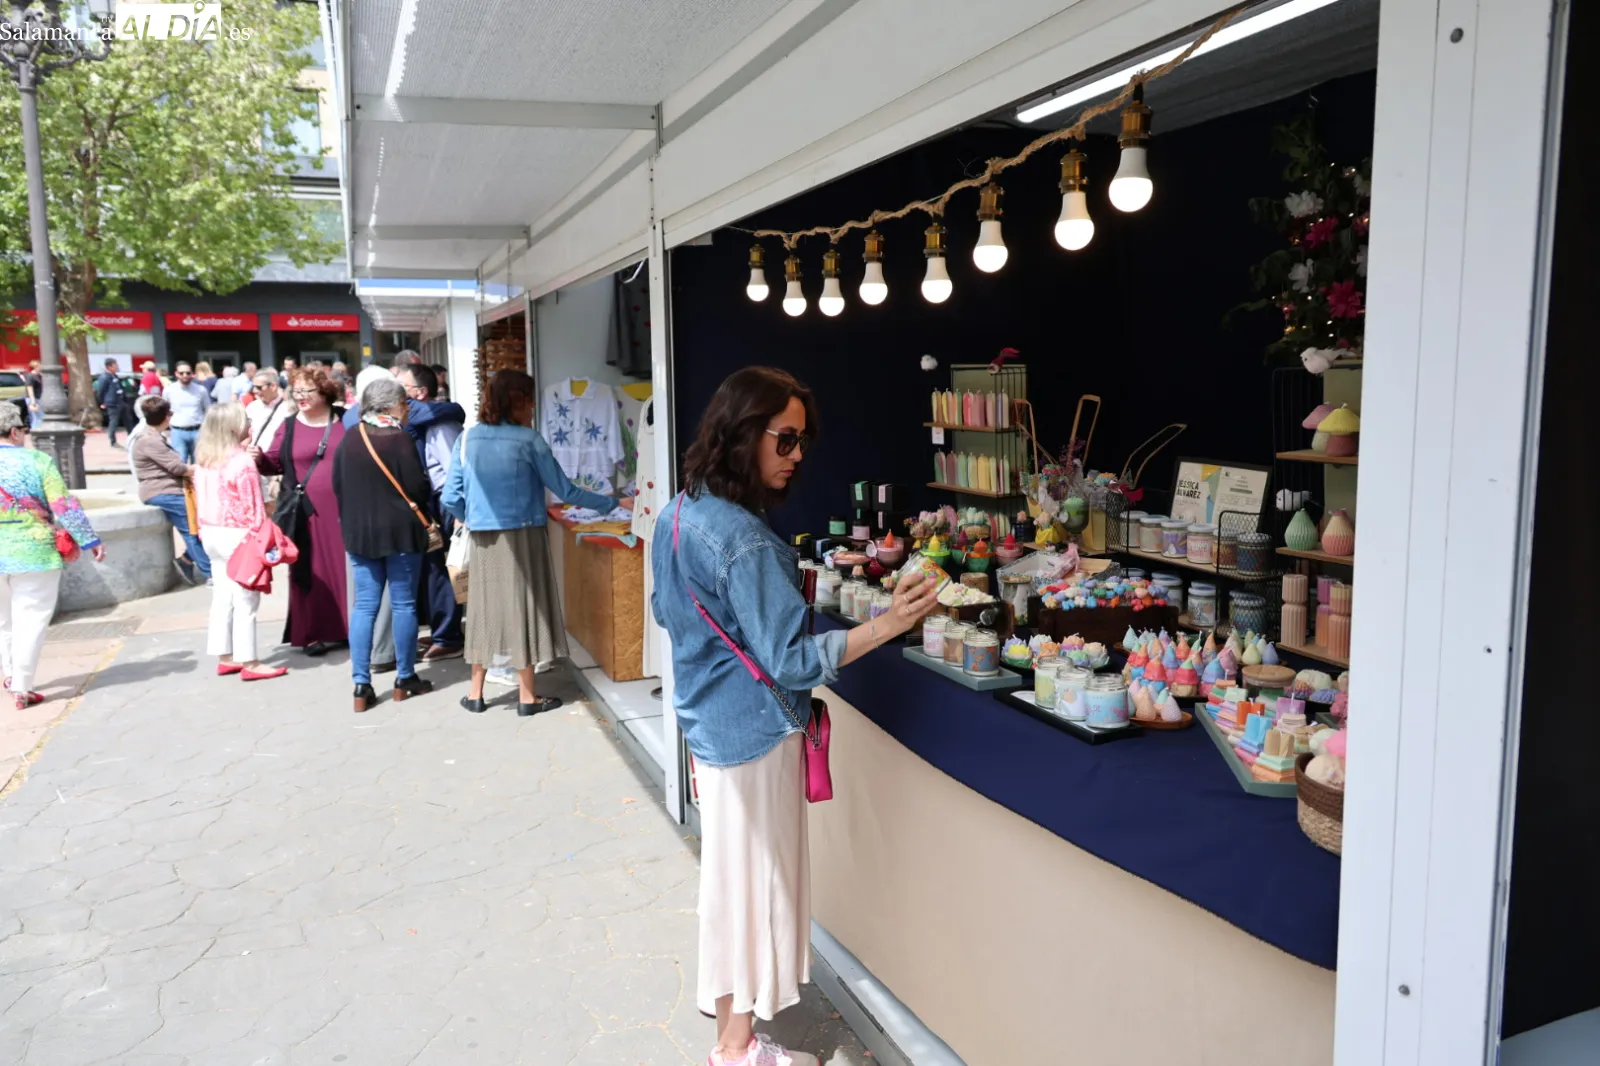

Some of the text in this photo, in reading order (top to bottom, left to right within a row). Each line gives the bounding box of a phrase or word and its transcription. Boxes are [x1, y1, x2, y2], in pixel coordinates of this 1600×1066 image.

[85, 315, 134, 325] Santander
[195, 316, 242, 326] Santander
[299, 317, 344, 327] Santander
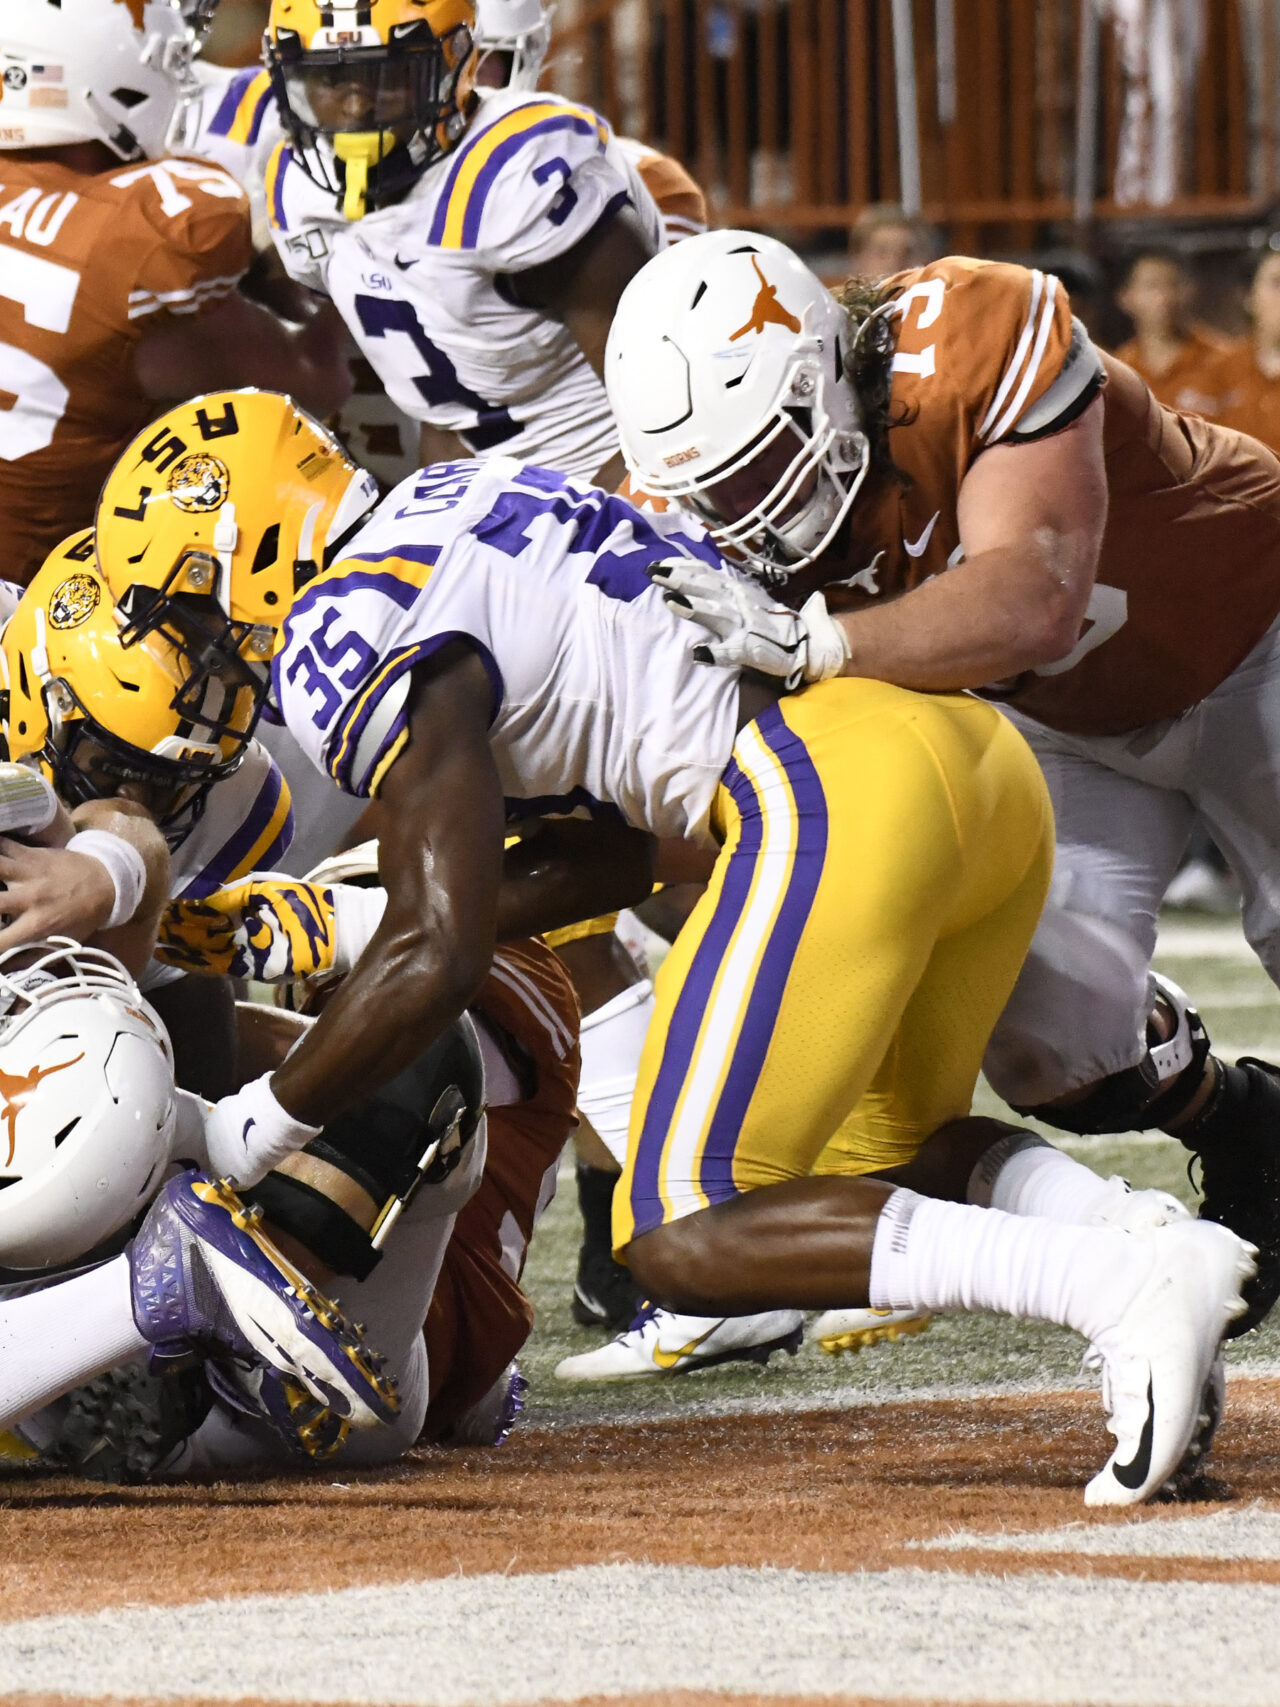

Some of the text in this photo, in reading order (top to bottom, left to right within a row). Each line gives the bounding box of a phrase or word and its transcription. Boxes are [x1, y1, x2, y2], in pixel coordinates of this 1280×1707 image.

[326, 31, 362, 46] LSU
[532, 156, 579, 226] 3
[361, 273, 392, 291] LSU
[114, 402, 240, 523] LSU
[286, 606, 380, 731] 35
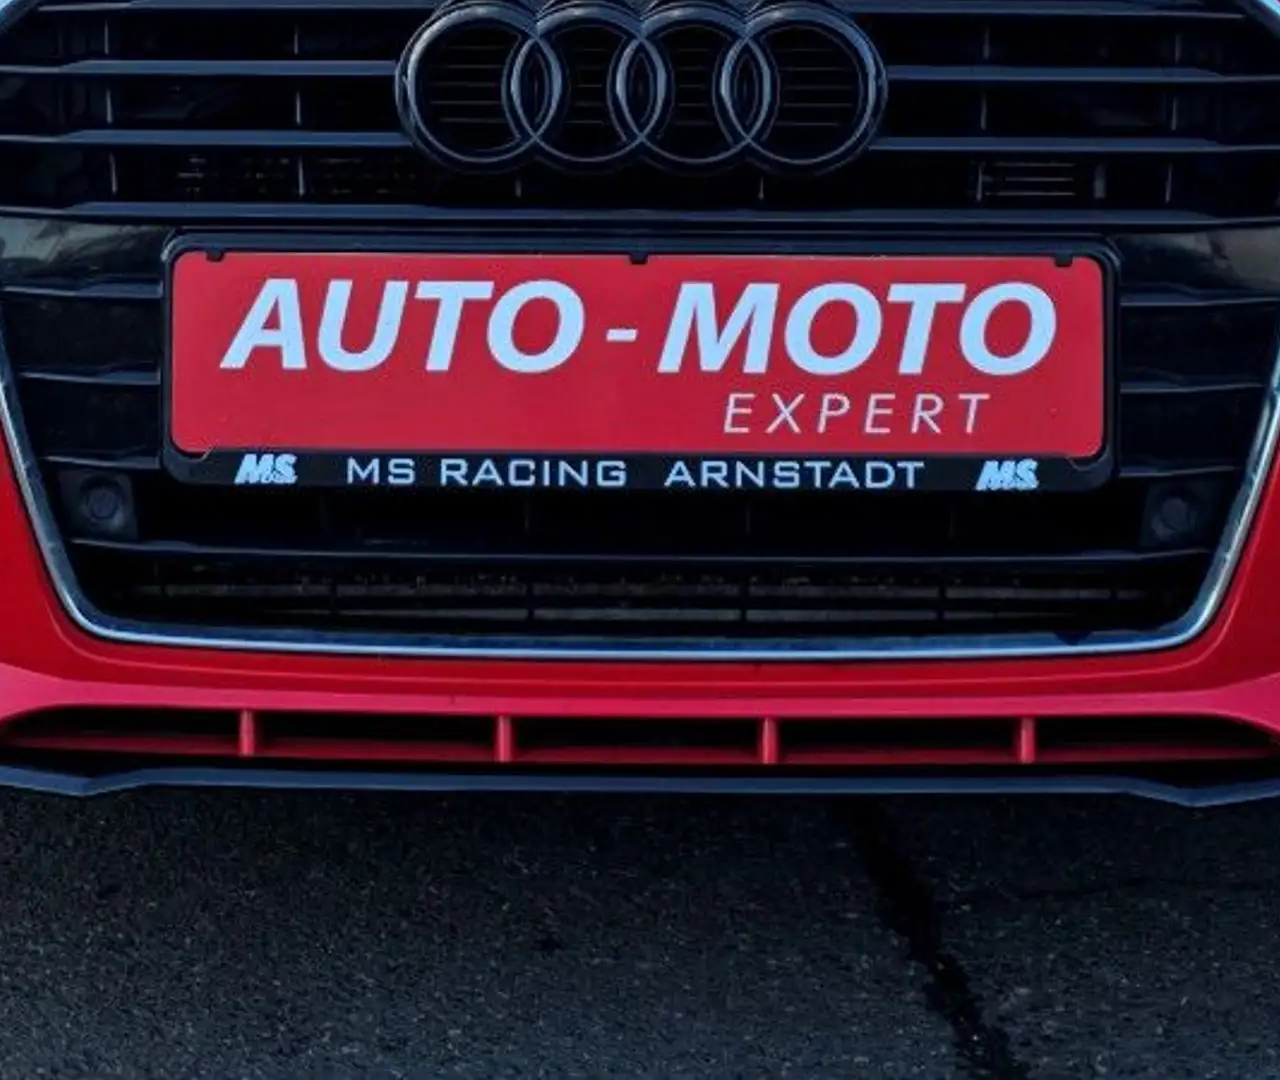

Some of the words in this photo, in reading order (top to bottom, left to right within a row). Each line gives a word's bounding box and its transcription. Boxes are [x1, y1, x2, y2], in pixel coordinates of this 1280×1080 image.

[723, 393, 991, 435] EXPERT
[234, 453, 299, 485] MS
[346, 458, 416, 486] MS
[439, 458, 628, 488] RACING
[664, 460, 924, 490] ARNSTADT
[975, 458, 1040, 491] MS
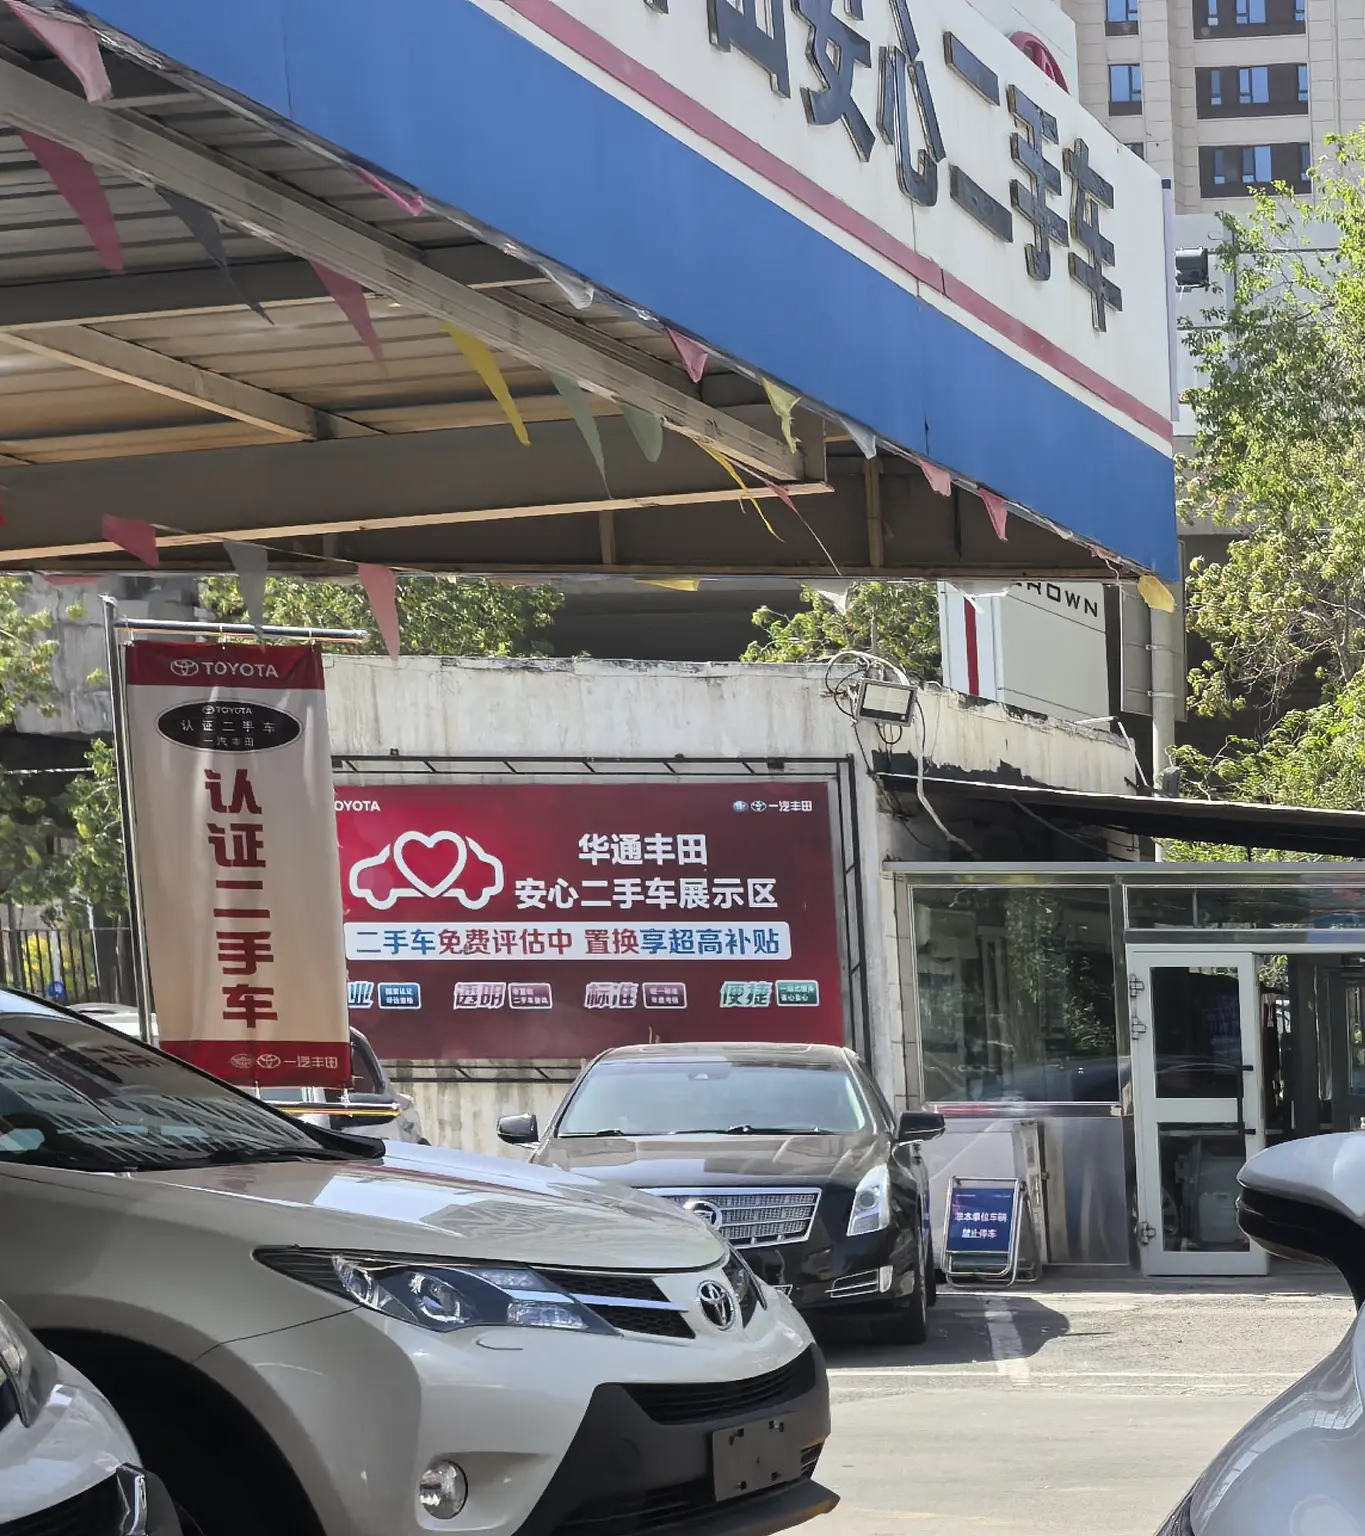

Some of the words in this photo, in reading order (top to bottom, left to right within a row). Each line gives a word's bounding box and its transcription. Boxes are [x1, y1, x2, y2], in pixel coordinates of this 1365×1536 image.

* DIRECTIONS FOR THIS TASK *
Could you print the whole listing again, exactly, leaving the pictures out?

* YOUR SOLUTION *
Some of the text in this photo, in reading order (top to bottom, left to right within a row). Each line gives the bounding box of a phrase or word and its transcription. Boxes are [x1, y1, x2, y2], in pixel coordinates of this 1600×1066 image.

[85, 315, 134, 325] Santander
[195, 316, 242, 326] Santander
[299, 317, 344, 327] Santander

Some of the text in this photo, in reading order (top to bottom, left to right within a row). Each line gives the bounding box of a phrase or word and its transcription. Boxes are [x1, y1, x2, y2], in pixel coordinates of this 1280×1707 image.

[326, 31, 362, 46] LSU
[532, 156, 579, 226] 3
[361, 273, 392, 291] LSU
[114, 402, 240, 523] LSU
[286, 606, 380, 731] 35

Some of the words in this photo, in reading order (top to bottom, left to right within a row). Each line gives a word's bounding box and its transcription. Boxes are [x1, y1, x2, y2], in pixel coordinates of this 1280×1080 image.

[723, 393, 991, 435] EXPERT
[234, 453, 299, 485] MS
[346, 458, 416, 486] MS
[439, 458, 628, 488] RACING
[664, 460, 924, 490] ARNSTADT
[975, 458, 1040, 491] MS

Some of the words in this photo, in reading order (top to bottom, left to right within a row). Each line gives a word's bounding box and its transcription. Boxes are [x1, y1, x2, y2], in pixel coordinates of this 1365×1536 image.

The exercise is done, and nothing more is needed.